The case at hand centers on plaintiff John Doe, a student who was expelled from George Mason University for allegedly having sex with a woman without her consent by refusing to stop a BDSM sexual act when his sexual partner uttered their safe word — “red.”
Doe sued the university when administrators expelled him after he was probed by the school’s Sexual Misconduct Board, which held a 10-hour hearing on the matter.
Jane Roe, Doe’s BDSM partner, claimed a “substantial procedural irregularity” had occurred since his first exoneration— “in Roe’s view, plaintiff confessed” after he later replied to a conversation with Roe via a taped telephone conversation made by school detectives.
According to court documents, Roe asked him “why [he] never stopped when [she] used the safe word.” Doe replied that he “felt like [she] could handle it.”
In his lawsuit against the school, Doe contended that George Mason University administrators “disregarded” the context of his relationship with Roe and instead acted like BDSM sex was “per se sexual misconduct.”
Doe argued that the university administrators’ decision to not understand the context of the relationship between Roe and him stood in violation of the U.S. Supreme Court case Lawrence v. Texas, which struck down laws against consensual same-sex intimate activity between adults.

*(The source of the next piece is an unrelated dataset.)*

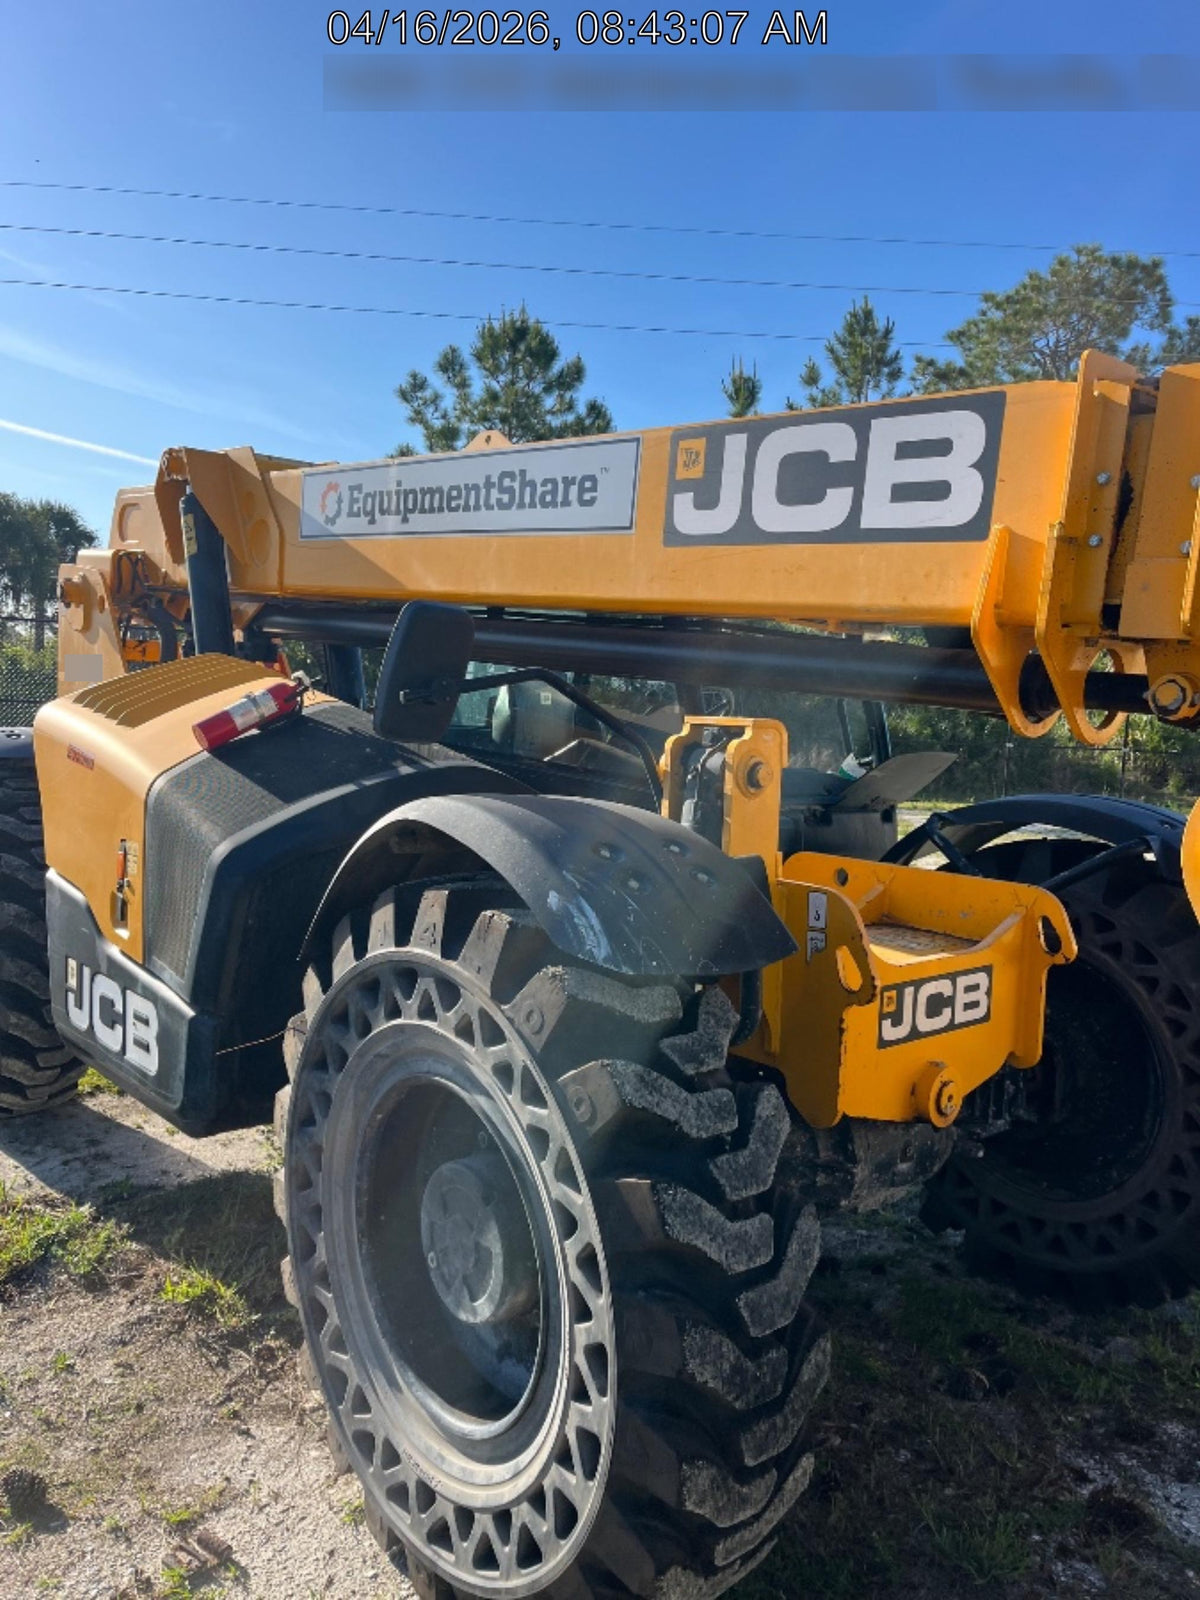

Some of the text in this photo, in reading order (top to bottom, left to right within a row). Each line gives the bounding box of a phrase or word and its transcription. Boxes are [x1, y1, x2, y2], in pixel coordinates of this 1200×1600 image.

[347, 469, 599, 526] EquipmentShare
[673, 410, 987, 535] JCB
[66, 963, 159, 1077] JCB
[881, 971, 990, 1041] JCB

Last month, U.S. District Judge T.S. Ellis III dismissed the case through summary judgment, ruling that the university had violated Doe’s right to due process by not handling the appeals process properly.
However, Ellis in his ruling, said there is no constitutional right for consenting adults to engage in BDSM.

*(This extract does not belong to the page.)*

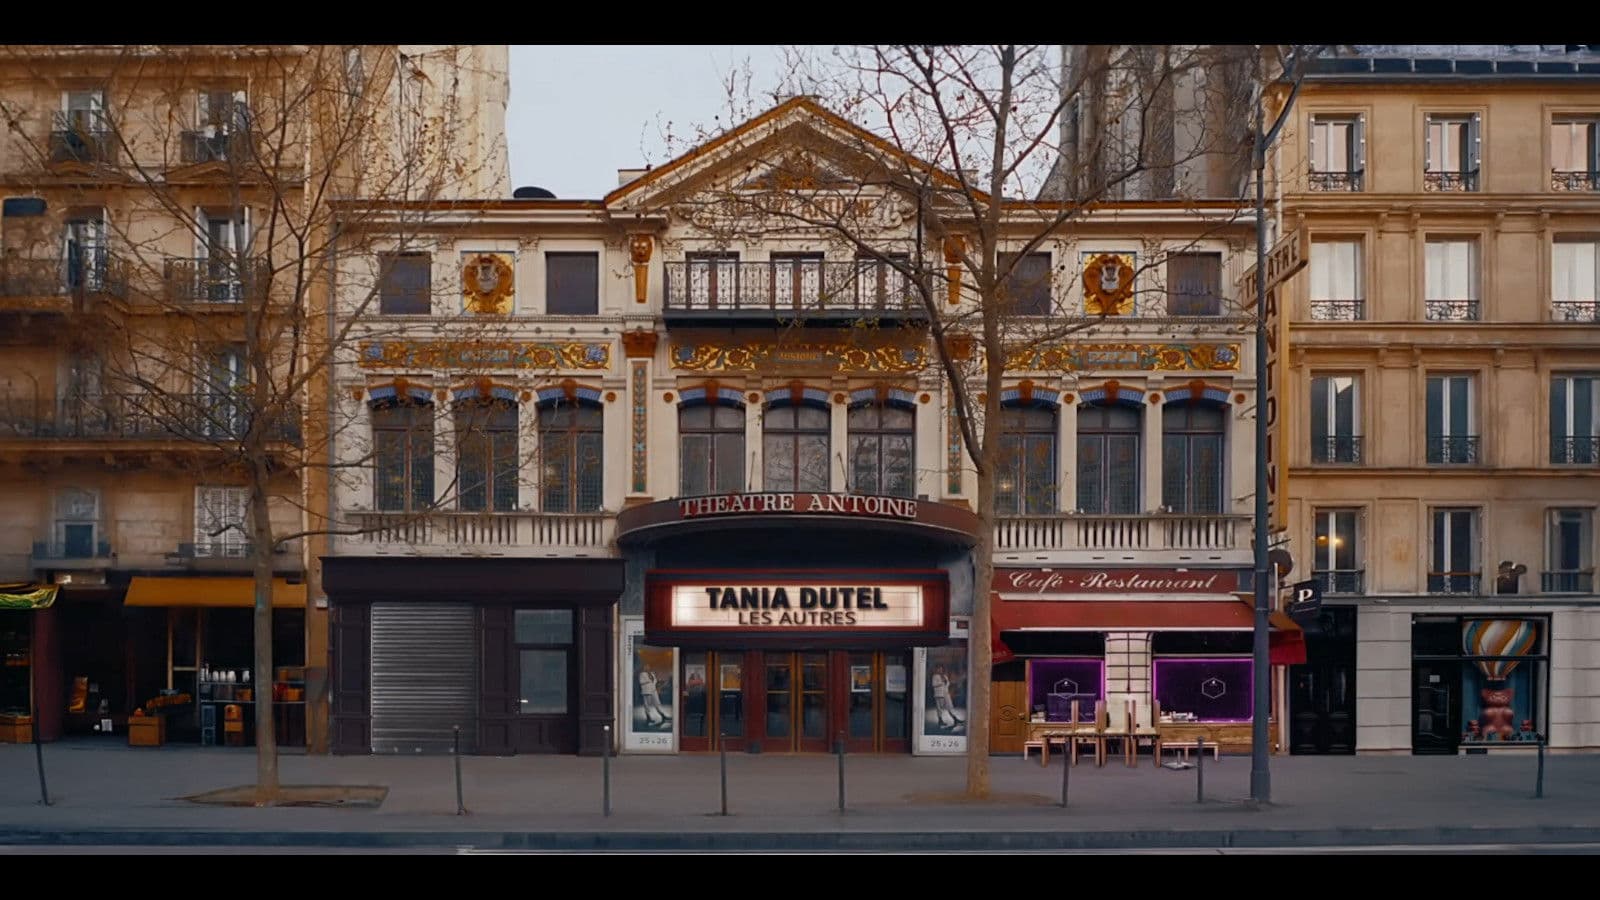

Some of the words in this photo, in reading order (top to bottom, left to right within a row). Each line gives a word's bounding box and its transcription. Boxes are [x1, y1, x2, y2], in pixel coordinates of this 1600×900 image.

“Engaging in BDSM sexual activity is clearly not protected” under the U.S. Constitution, Ellis said. “[T]here is no basis to conclude that tying up a willing submissive sex partner and subjecting him or her to whipping, choking, or other forms of domination is deeply rooted in the nation’s history and traditions or implicit in the concept of ordered liberty.”
Because such activity “poses certain inherent risks to personal safety,” the court said, governments could claim a legitimate interest in regulating it for “the protection of vulnerable persons” who have chosen to enter BDSM relationships.
Ellis in his decision said that, “consistent with the logic of Lawrence, plaintiff has no constitutionally protected and judicially enforceable fundamental liberty interest under the Due Process Clause of the 14th Amendment to engage in BDSM sexual activity.”